Hoje
vamos tratar de um texto bíblico muito apreciado no Cristianismo e, também,
muito controvertido, que é o 4º evangelho, tradicionalmente atribuído ao
apóstolo João, o discípulo amado.
Nesse
evangelho, tudo pode ser discutido, desde a sua autoria até a historicidade de
sua narrativa e mensagem que pretende
transmitir, porque está escrito numa linguagem eminentemente simbólica e mesmo
enigmática, sendo por isso chamado de evangelho esotérico. Muitos pesquisadores
dizem ser gnóstico esse texto de quase 2.000 anos.

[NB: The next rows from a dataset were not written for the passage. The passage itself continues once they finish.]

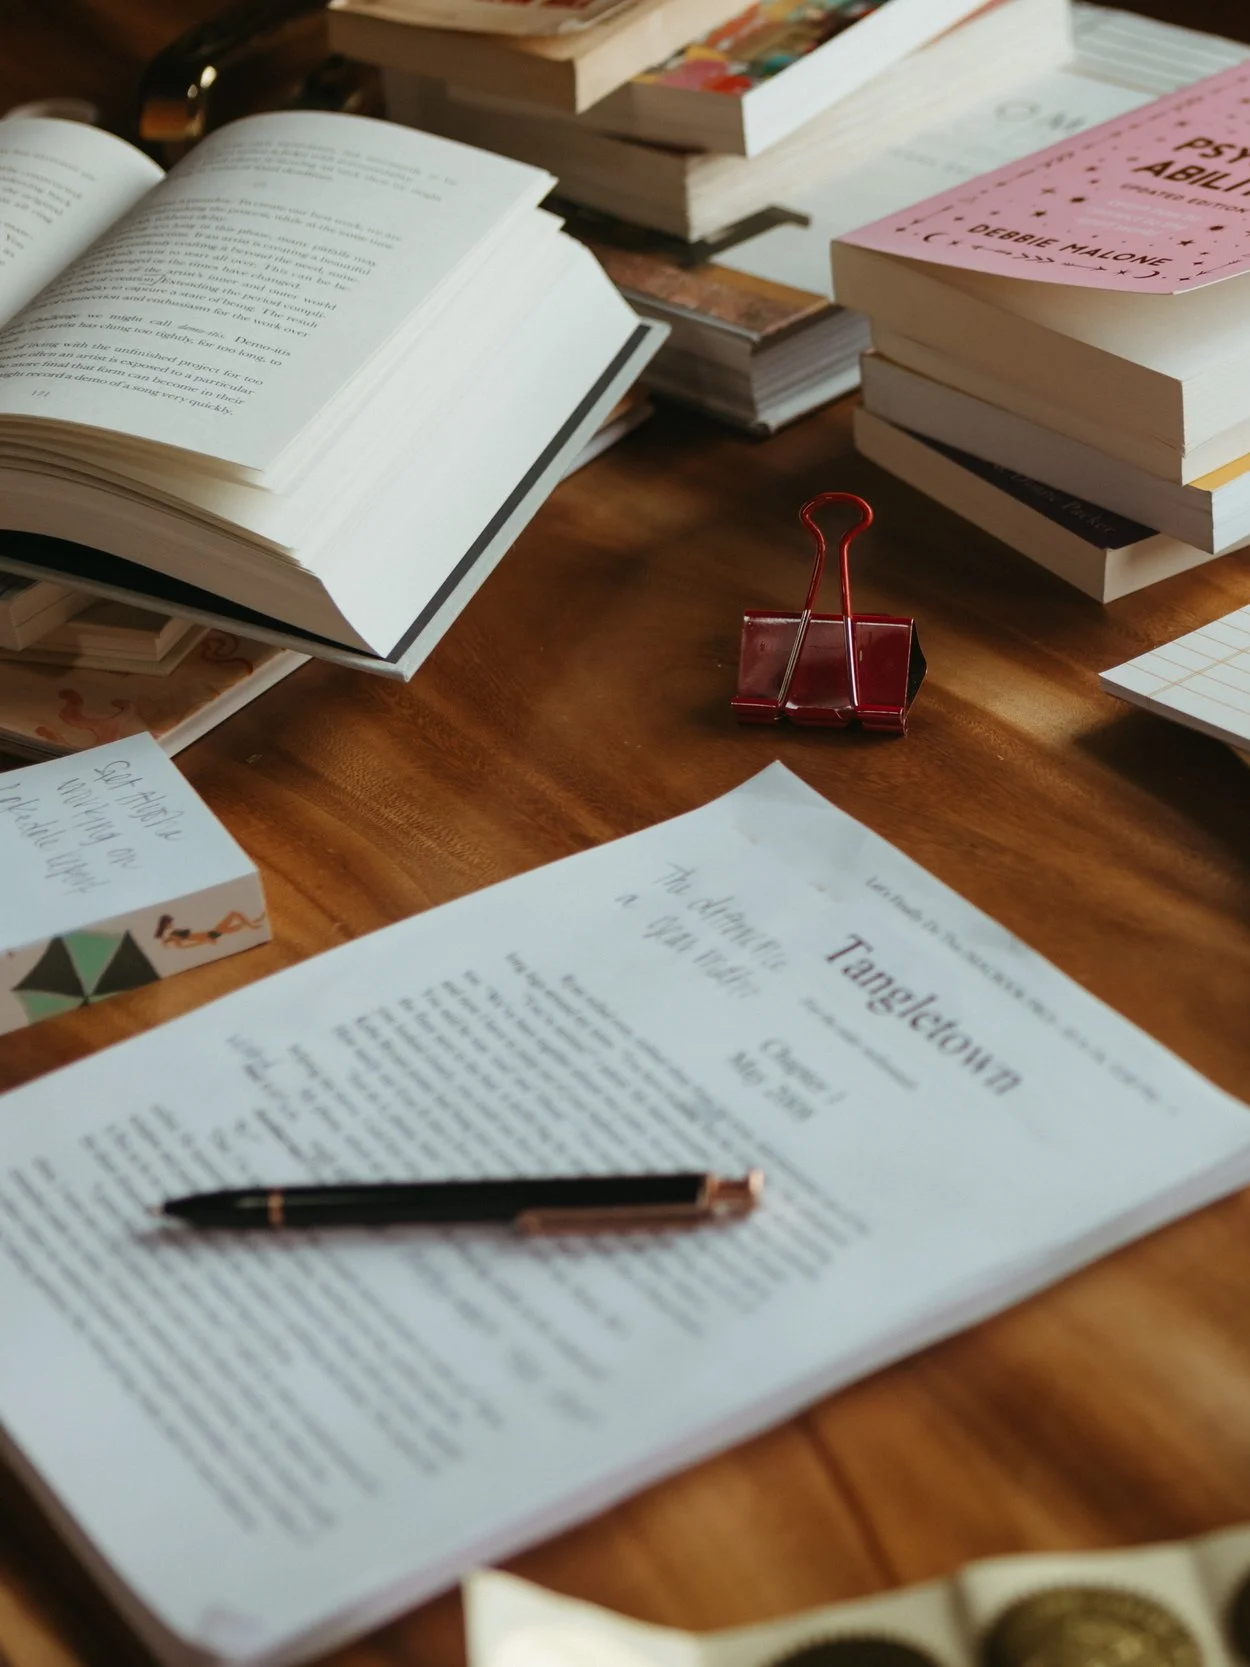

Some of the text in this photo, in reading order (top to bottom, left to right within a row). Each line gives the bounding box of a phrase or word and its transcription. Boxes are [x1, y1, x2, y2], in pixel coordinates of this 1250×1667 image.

[1187, 198, 1250, 214] EDITION
[967, 223, 1174, 267] DEBBIE MALONE
[261, 263, 289, 275] This
[211, 307, 230, 316] for
[230, 312, 251, 321] the
[251, 318, 284, 330] work
[281, 326, 311, 338] over
[259, 307, 285, 319] The
[284, 315, 321, 328] result
[301, 297, 339, 309] world
[97, 323, 132, 333] clung
[132, 327, 154, 335] too
[153, 330, 195, 344] tightly,
[196, 338, 214, 347] for
[215, 343, 237, 354] too
[236, 349, 266, 363] long,
[268, 358, 284, 366] to
[107, 314, 144, 322] might
[147, 319, 173, 327] call
[233, 335, 293, 356] Demo-itis
[89, 342, 113, 350] the
[112, 346, 178, 362] unfinished
[176, 359, 221, 373] project
[221, 368, 241, 379] for
[241, 375, 265, 385] too
[118, 359, 170, 372] exposed
[169, 368, 184, 376] to
[192, 375, 258, 396] particular
[69, 362, 97, 370] that
[96, 365, 127, 376] form
[125, 372, 151, 380] can
[151, 375, 200, 392] become
[199, 388, 215, 396] in
[214, 392, 246, 405] their
[72, 373, 109, 384] demo
[130, 385, 160, 397] song
[159, 392, 186, 404] very
[185, 399, 233, 416] quickly.
[57, 778, 143, 870] working on
[653, 861, 697, 895] The
[613, 893, 641, 908] a
[823, 932, 1023, 1098] Tangletown
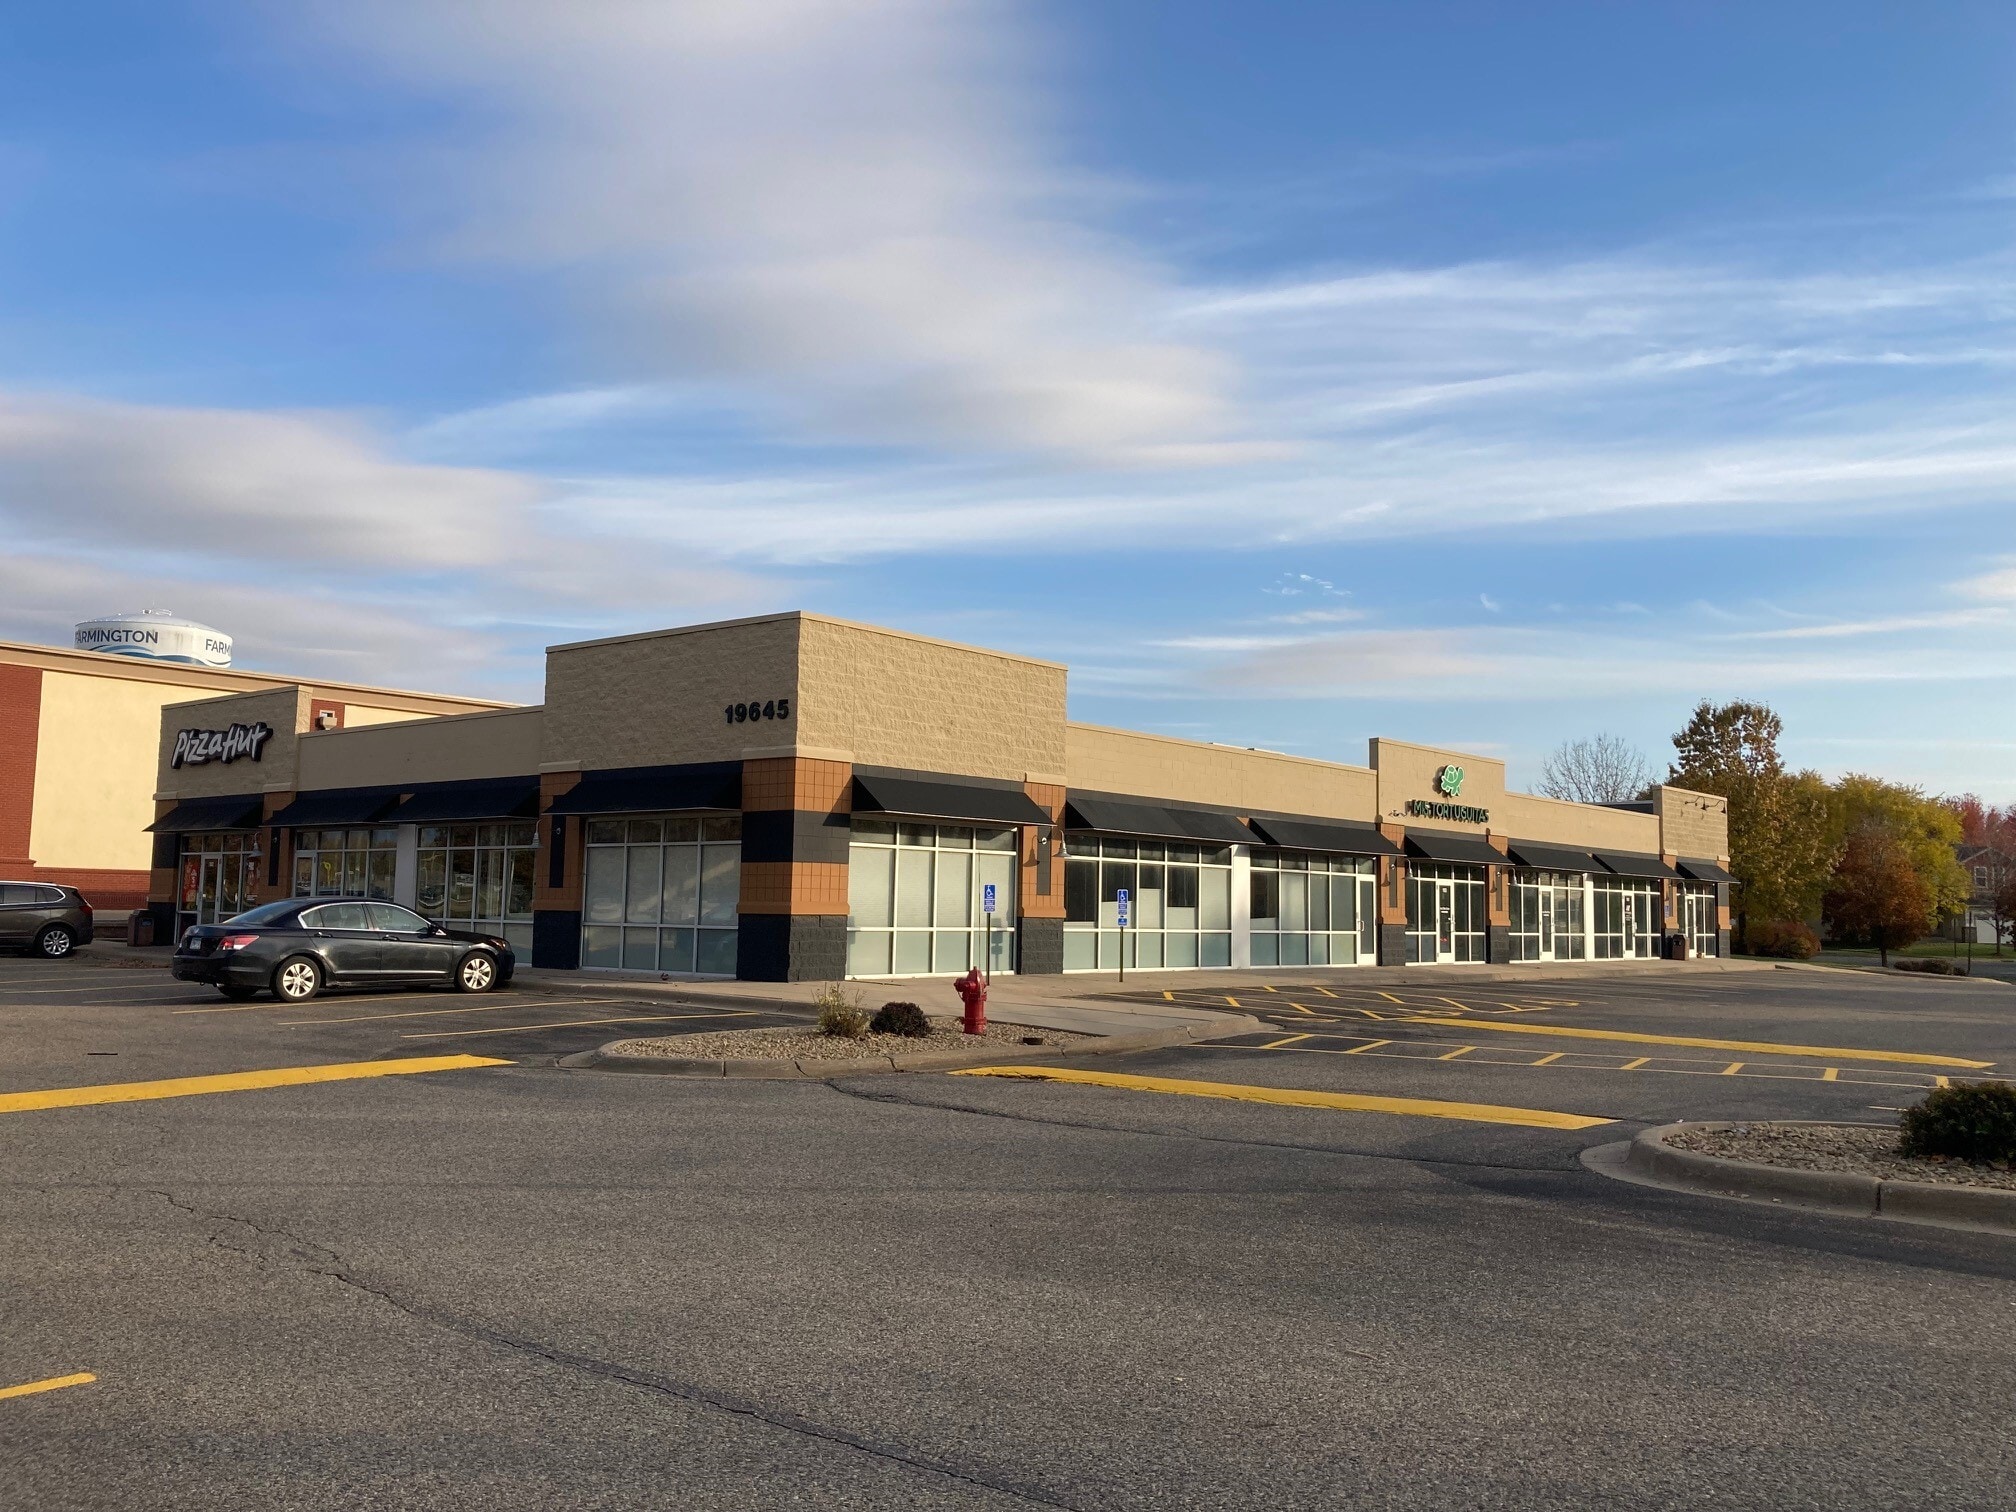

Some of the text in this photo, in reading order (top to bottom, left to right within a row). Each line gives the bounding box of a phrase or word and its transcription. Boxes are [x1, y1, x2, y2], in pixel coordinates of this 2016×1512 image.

Não seria impróprio chamá-lo
de teosófico, porque ele se ocupa da origem do Universo (o macrocosmo) e sua
relação com o homem (o microcosmo), um assunto muito ao gosto da teosofia.
Enquanto os três primeiros evangelhos se harmonizam quanto à vida de Cristo, o
evangelho joanino destoa do aspecto biográfico, fazendo um ensaio filosófico
sobre a natureza do fundador do Cristianismo e seu papel no Universo como força
criadora e regeneradora. Assim, o Evangelho de São João, além de ser um dos
pilares da teologia cristã, é um livro que interessa a não-cristãos em busca de
uma sabedoria superior ou divina. Por se tratar do mais profundo e elevado dos
evangelhos, é representado na iconografia cristã pela águia, a ave que olha
mais de perto o sol e simboliza a contemplação e o conhecimento espiritual.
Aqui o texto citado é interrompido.